HOW TO COMPLETE THIS TASK: Every record that follows should be written out again without any change.

DATA SHOWN:
--------------------------------

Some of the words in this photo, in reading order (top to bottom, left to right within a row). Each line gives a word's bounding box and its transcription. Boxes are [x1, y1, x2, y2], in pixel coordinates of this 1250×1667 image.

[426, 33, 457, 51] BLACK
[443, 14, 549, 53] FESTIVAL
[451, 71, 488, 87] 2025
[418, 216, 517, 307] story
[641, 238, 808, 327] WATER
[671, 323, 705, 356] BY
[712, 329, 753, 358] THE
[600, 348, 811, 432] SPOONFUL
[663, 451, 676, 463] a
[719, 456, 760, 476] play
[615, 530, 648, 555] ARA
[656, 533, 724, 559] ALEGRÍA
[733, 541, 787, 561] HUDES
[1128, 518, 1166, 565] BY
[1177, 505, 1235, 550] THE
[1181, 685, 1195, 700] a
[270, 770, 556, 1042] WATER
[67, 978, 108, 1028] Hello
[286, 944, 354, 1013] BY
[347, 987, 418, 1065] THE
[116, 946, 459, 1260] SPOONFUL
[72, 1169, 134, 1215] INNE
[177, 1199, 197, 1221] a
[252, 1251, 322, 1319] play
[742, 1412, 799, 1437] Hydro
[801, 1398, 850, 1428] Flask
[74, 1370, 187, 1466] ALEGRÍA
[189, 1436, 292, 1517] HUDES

--------------------------------

RESPONSE:
Some of the words in this photo, in reading order (top to bottom, left to right within a row). Each line gives a word's bounding box and its transcription. Boxes are [x1, y1, x2, y2], in pixel coordinates of this 1250×1667 image.

[426, 33, 457, 51] BLACK
[443, 14, 549, 53] FESTIVAL
[451, 71, 488, 87] 2025
[418, 216, 517, 307] story
[641, 238, 808, 327] WATER
[671, 323, 705, 356] BY
[712, 329, 753, 358] THE
[600, 348, 811, 432] SPOONFUL
[663, 451, 676, 463] a
[719, 456, 760, 476] play
[615, 530, 648, 555] ARA
[656, 533, 724, 559] ALEGRÍA
[733, 541, 787, 561] HUDES
[1128, 518, 1166, 565] BY
[1177, 505, 1235, 550] THE
[1181, 685, 1195, 700] a
[270, 770, 556, 1042] WATER
[67, 978, 108, 1028] Hello
[286, 944, 354, 1013] BY
[347, 987, 418, 1065] THE
[116, 946, 459, 1260] SPOONFUL
[72, 1169, 134, 1215] INNE
[177, 1199, 197, 1221] a
[252, 1251, 322, 1319] play
[742, 1412, 799, 1437] Hydro
[801, 1398, 850, 1428] Flask
[74, 1370, 187, 1466] ALEGRÍA
[189, 1436, 292, 1517] HUDES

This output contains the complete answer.